Pengawasan Orang Asing Ditingkatkan

Kepala Imigrasi Kelas I Jogja Sutrisno (kanan) dan Bupati Bantul Suharsono (dua kanan) sesaat sebelum dimulainya Sosialisasi Penguatan Tim Pengawasan Orang Asing (Tim Pora) di Rama Shinta Ballroom KJ Hotel, Jogja, Kamis (29/11). - Harian Jogja/Rahmat Jiwandono
29 November 2018 17:20 WIB Rahmat Jiwandono Bantul Share :

Harianjogja.com, BANTUL—Pengawasan terhadap keberadaan warga mancanegara di DIY terus ditingkatkan, tak terkecuali di Bantul. Di era perdagangan bebas asia tenggara serta kian berkembangnya pariwisata di Bumi Projotamansari, peluang warga negara asing untuk berlalu lalang jadi semakin besar.

Atas dasar itulah Kantor Wilayah Kementerian Hukum dan Hak Asasi Manusia (Kanwil Kemenkumham) DIY, Kantor Imigrasi Kelas I Yogyakarta dan Pemerintah Kabupaten (Pemkab) Bantul sepakat untuk meningkatkan pengawasan terhadap orang asing.

Bupati Bantul, Suharsono mengatakan saat ini merupakan era keterbukaan. Dengan adanya kerja sama antar negara di berbagai bidang, baik yang bersifat multilateral maupun bilateral sangat memungkinkan mobilisasi warga negara asing di Tanah Air, tak terkecuali di Bantul.

"Memasuki era perdagangan bebas asia tenggara, barang, waktu, dan jasa bergerak di saat bersamaan membuat kami harus meningkatkan kewaspadaan terhadap orang yang masuk Bantul," ujar Bupati di sela-sela Sosialisasi Penguatan Tim Pengawasan Orang Asing (Tim Pora) Tingkat Kecamatan se-Kabupaten Bantul di Rama Shinta Ballroom KJ Hotel Yogyakarta, Kamis (29/11/2018).

Di satu sisi, banyaknya warga negara asing yang masuk ke Bantul bisa berimbas pada peningkatan perekonomian masyarakat, namun di sisi lain jika hal itu tak diwaspadai, juga cukup riskan. Terlebih saat ini ideologi yang bertentangan dengan Pancasila juga sangat berpeluang masuk ke Indonesia. Selain itu, pemerintah juga bakal lebih awas terhadap lalu lalangnya warga negara asing tak berdokumen resmi. “Apalagi warga negara asing itu bekerja di sini. Itu namanya tenaga kerja asing ilegal,” ucap Suharsono.

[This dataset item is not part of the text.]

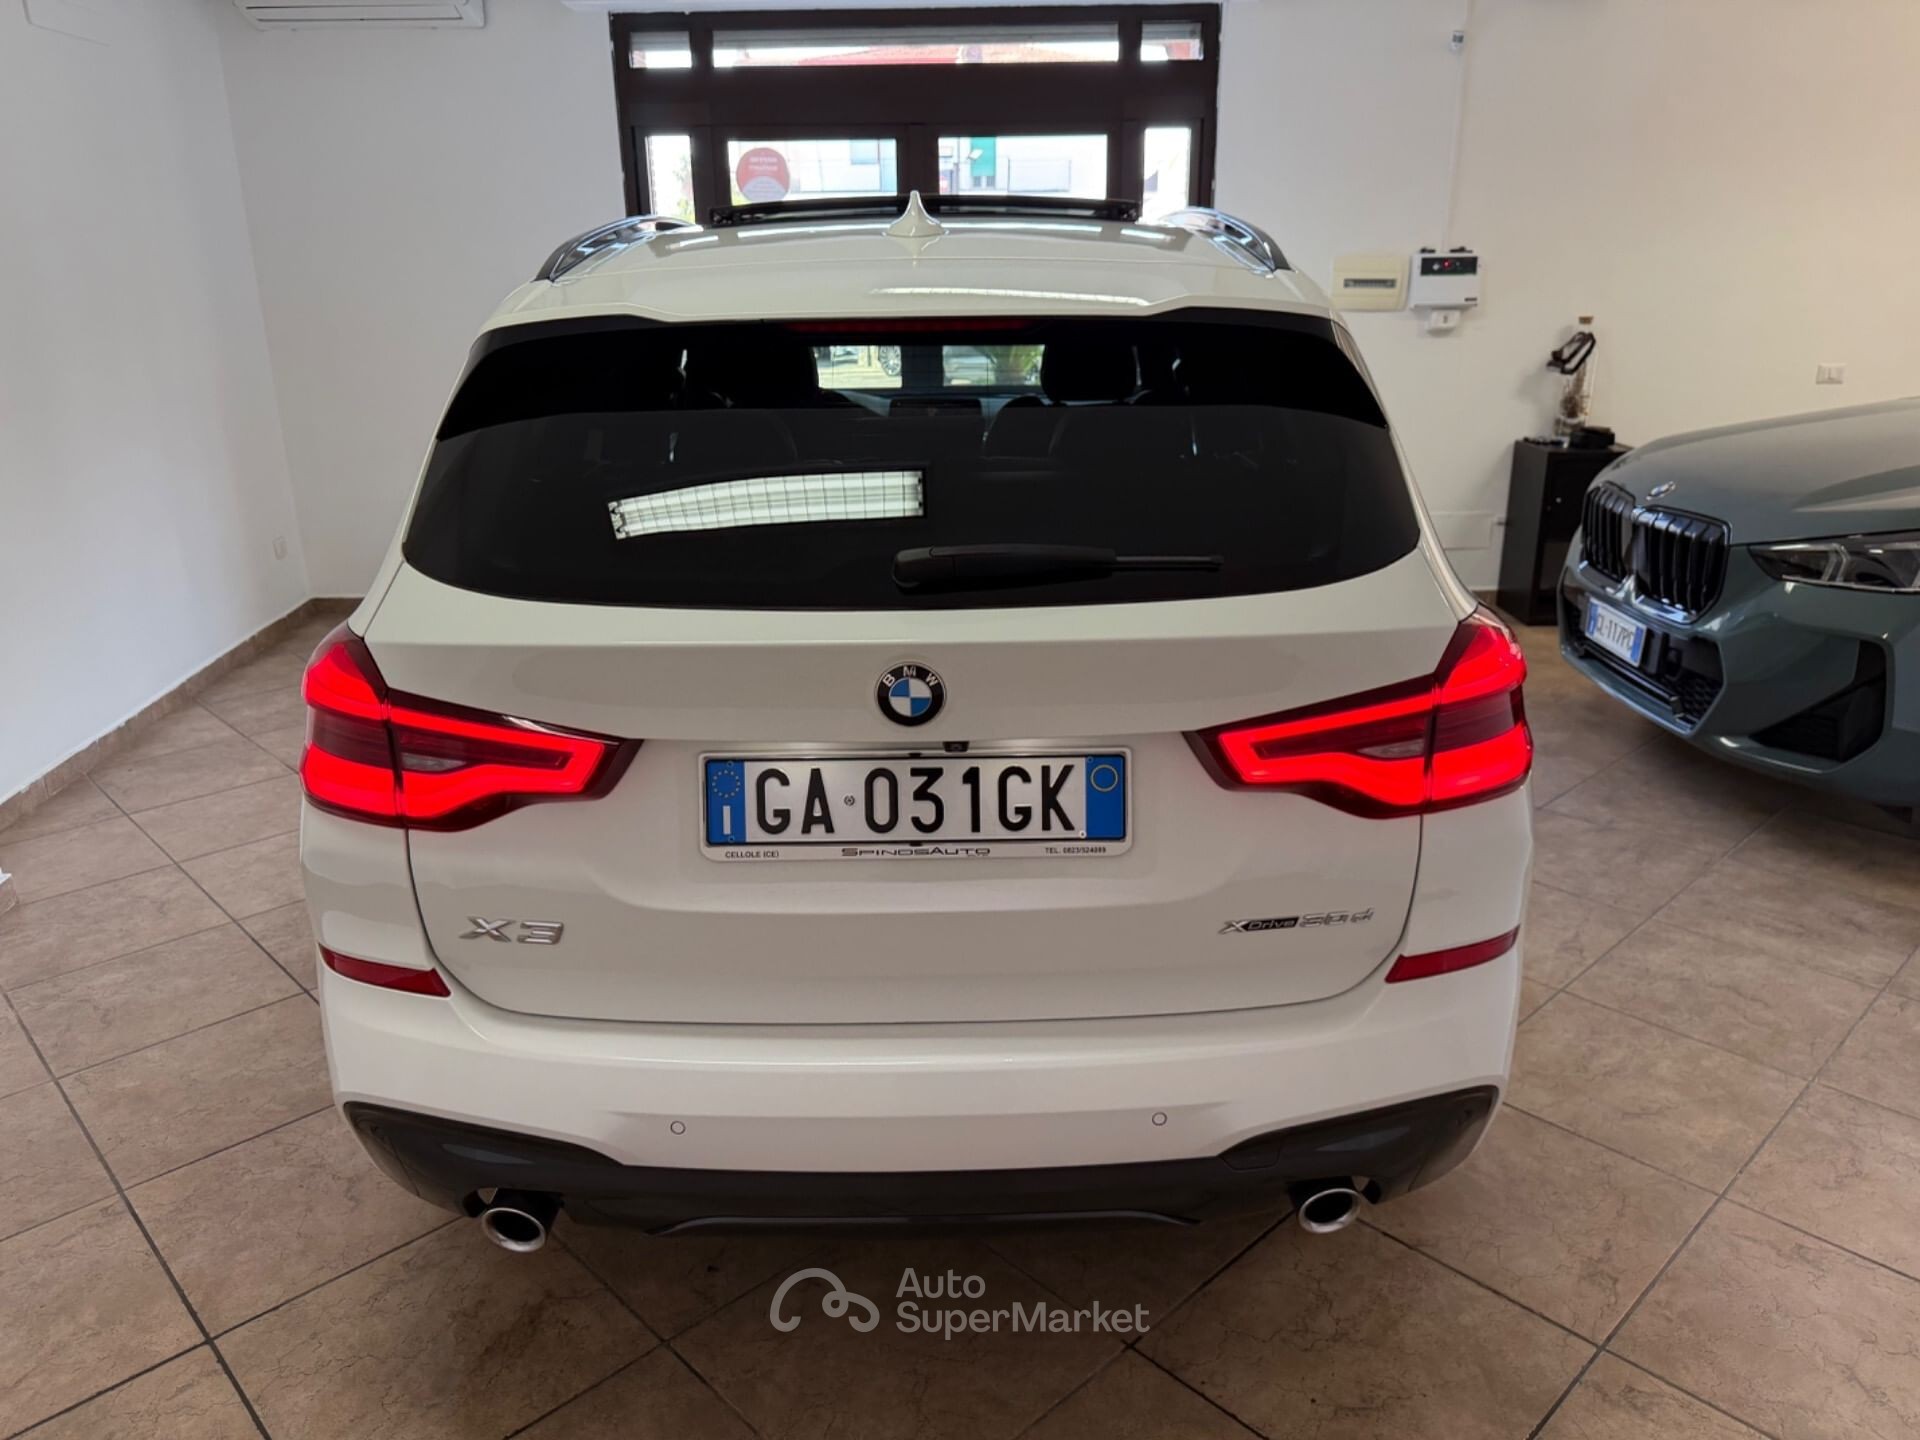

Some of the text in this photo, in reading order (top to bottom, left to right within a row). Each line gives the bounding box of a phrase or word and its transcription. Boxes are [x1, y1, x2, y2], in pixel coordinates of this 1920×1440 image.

Kepala Kantor Imigrasi Kelas I Yogyakarta, Sutrisno mengatakan Bantul memiliki banyak tempat wisata yang berpotensi dikunjungi oleh wisatawan asing. Oleh karena itu, dengan keterbatasan tenaga yang ia miliki, maka kerja sama dengan Pemkab Bantul pun perlu dilakukan melalui pembentukan Tim Pengawasan Orang Asing (Tim Pora). "Kami memperkuat Tim Pora dengan melibatkan masyarakat, aparat, serta dinas-dinas terkait supaya koordinasinya lebih cepat," ujarnya.